(EXTRACTED MATERIAL Opens)

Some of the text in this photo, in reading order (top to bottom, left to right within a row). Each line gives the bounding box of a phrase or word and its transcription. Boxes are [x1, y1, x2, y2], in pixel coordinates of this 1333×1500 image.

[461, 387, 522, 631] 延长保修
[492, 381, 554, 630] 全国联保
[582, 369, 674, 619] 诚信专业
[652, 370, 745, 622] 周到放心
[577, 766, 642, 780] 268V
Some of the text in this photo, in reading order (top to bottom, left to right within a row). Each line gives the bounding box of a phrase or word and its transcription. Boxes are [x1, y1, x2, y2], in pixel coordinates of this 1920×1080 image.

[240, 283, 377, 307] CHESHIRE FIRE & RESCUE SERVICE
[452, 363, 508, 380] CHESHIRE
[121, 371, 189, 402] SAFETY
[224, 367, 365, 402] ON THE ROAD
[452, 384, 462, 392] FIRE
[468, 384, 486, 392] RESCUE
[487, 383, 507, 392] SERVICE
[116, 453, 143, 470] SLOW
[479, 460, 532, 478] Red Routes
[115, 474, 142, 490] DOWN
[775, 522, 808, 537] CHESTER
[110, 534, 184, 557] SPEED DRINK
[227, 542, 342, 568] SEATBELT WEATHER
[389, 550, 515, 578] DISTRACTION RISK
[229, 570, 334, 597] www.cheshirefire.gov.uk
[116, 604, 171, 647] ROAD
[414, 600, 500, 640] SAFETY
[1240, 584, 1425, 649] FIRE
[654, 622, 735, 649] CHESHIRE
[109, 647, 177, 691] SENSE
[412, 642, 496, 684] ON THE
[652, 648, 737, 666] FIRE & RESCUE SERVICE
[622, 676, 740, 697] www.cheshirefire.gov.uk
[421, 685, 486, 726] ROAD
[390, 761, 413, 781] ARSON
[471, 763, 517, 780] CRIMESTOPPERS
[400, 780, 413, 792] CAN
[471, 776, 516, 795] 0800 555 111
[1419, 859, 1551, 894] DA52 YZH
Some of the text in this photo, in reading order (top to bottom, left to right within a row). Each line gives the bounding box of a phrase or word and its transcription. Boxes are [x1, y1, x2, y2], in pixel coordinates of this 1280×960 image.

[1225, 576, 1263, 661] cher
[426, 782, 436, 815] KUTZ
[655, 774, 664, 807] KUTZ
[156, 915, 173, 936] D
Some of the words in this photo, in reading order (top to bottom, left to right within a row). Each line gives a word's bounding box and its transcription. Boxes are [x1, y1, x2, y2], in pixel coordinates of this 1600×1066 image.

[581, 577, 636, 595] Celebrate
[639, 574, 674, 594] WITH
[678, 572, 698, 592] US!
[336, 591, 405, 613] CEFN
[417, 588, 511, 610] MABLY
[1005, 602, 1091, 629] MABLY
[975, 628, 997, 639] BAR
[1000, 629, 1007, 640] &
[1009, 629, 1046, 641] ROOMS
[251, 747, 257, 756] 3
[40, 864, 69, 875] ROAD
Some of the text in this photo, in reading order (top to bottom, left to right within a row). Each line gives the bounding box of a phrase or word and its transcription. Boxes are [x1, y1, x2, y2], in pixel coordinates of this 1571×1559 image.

(EXTRACTED MATERIAL Closes)

Each entry is to be retyped precisely as it stands.

→ **EXPECTED ANSWER**:
Some of the text in this photo, in reading order (top to bottom, left to right within a row). Each line gives the bounding box of a phrase or word and its transcription. Boxes are [x1, y1, x2, y2], in pixel coordinates of this 1333×1500 image.

[461, 387, 522, 631] 延长保修
[492, 381, 554, 630] 全国联保
[582, 369, 674, 619] 诚信专业
[652, 370, 745, 622] 周到放心
[577, 766, 642, 780] 268V
Some of the text in this photo, in reading order (top to bottom, left to right within a row). Each line gives the bounding box of a phrase or word and its transcription. Boxes are [x1, y1, x2, y2], in pixel coordinates of this 1920×1080 image.

[240, 283, 377, 307] CHESHIRE FIRE & RESCUE SERVICE
[452, 363, 508, 380] CHESHIRE
[121, 371, 189, 402] SAFETY
[224, 367, 365, 402] ON THE ROAD
[452, 384, 462, 392] FIRE
[468, 384, 486, 392] RESCUE
[487, 383, 507, 392] SERVICE
[116, 453, 143, 470] SLOW
[479, 460, 532, 478] Red Routes
[115, 474, 142, 490] DOWN
[775, 522, 808, 537] CHESTER
[110, 534, 184, 557] SPEED DRINK
[227, 542, 342, 568] SEATBELT WEATHER
[389, 550, 515, 578] DISTRACTION RISK
[229, 570, 334, 597] www.cheshirefire.gov.uk
[116, 604, 171, 647] ROAD
[414, 600, 500, 640] SAFETY
[1240, 584, 1425, 649] FIRE
[654, 622, 735, 649] CHESHIRE
[109, 647, 177, 691] SENSE
[412, 642, 496, 684] ON THE
[652, 648, 737, 666] FIRE & RESCUE SERVICE
[622, 676, 740, 697] www.cheshirefire.gov.uk
[421, 685, 486, 726] ROAD
[390, 761, 413, 781] ARSON
[471, 763, 517, 780] CRIMESTOPPERS
[400, 780, 413, 792] CAN
[471, 776, 516, 795] 0800 555 111
[1419, 859, 1551, 894] DA52 YZH
Some of the text in this photo, in reading order (top to bottom, left to right within a row). Each line gives the bounding box of a phrase or word and its transcription. Boxes are [x1, y1, x2, y2], in pixel coordinates of this 1280×960 image.

[1225, 576, 1263, 661] cher
[426, 782, 436, 815] KUTZ
[655, 774, 664, 807] KUTZ
[156, 915, 173, 936] D
Some of the words in this photo, in reading order (top to bottom, left to right within a row). Each line gives a word's bounding box and its transcription. Boxes are [x1, y1, x2, y2], in pixel coordinates of this 1600×1066 image.

[581, 577, 636, 595] Celebrate
[639, 574, 674, 594] WITH
[678, 572, 698, 592] US!
[336, 591, 405, 613] CEFN
[417, 588, 511, 610] MABLY
[1005, 602, 1091, 629] MABLY
[975, 628, 997, 639] BAR
[1000, 629, 1007, 640] &
[1009, 629, 1046, 641] ROOMS
[251, 747, 257, 756] 3
[40, 864, 69, 875] ROAD
Some of the text in this photo, in reading order (top to bottom, left to right within a row). Each line gives the bounding box of a phrase or word and its transcription. Boxes are [x1, y1, x2, y2], in pixel coordinates of this 1571×1559 image.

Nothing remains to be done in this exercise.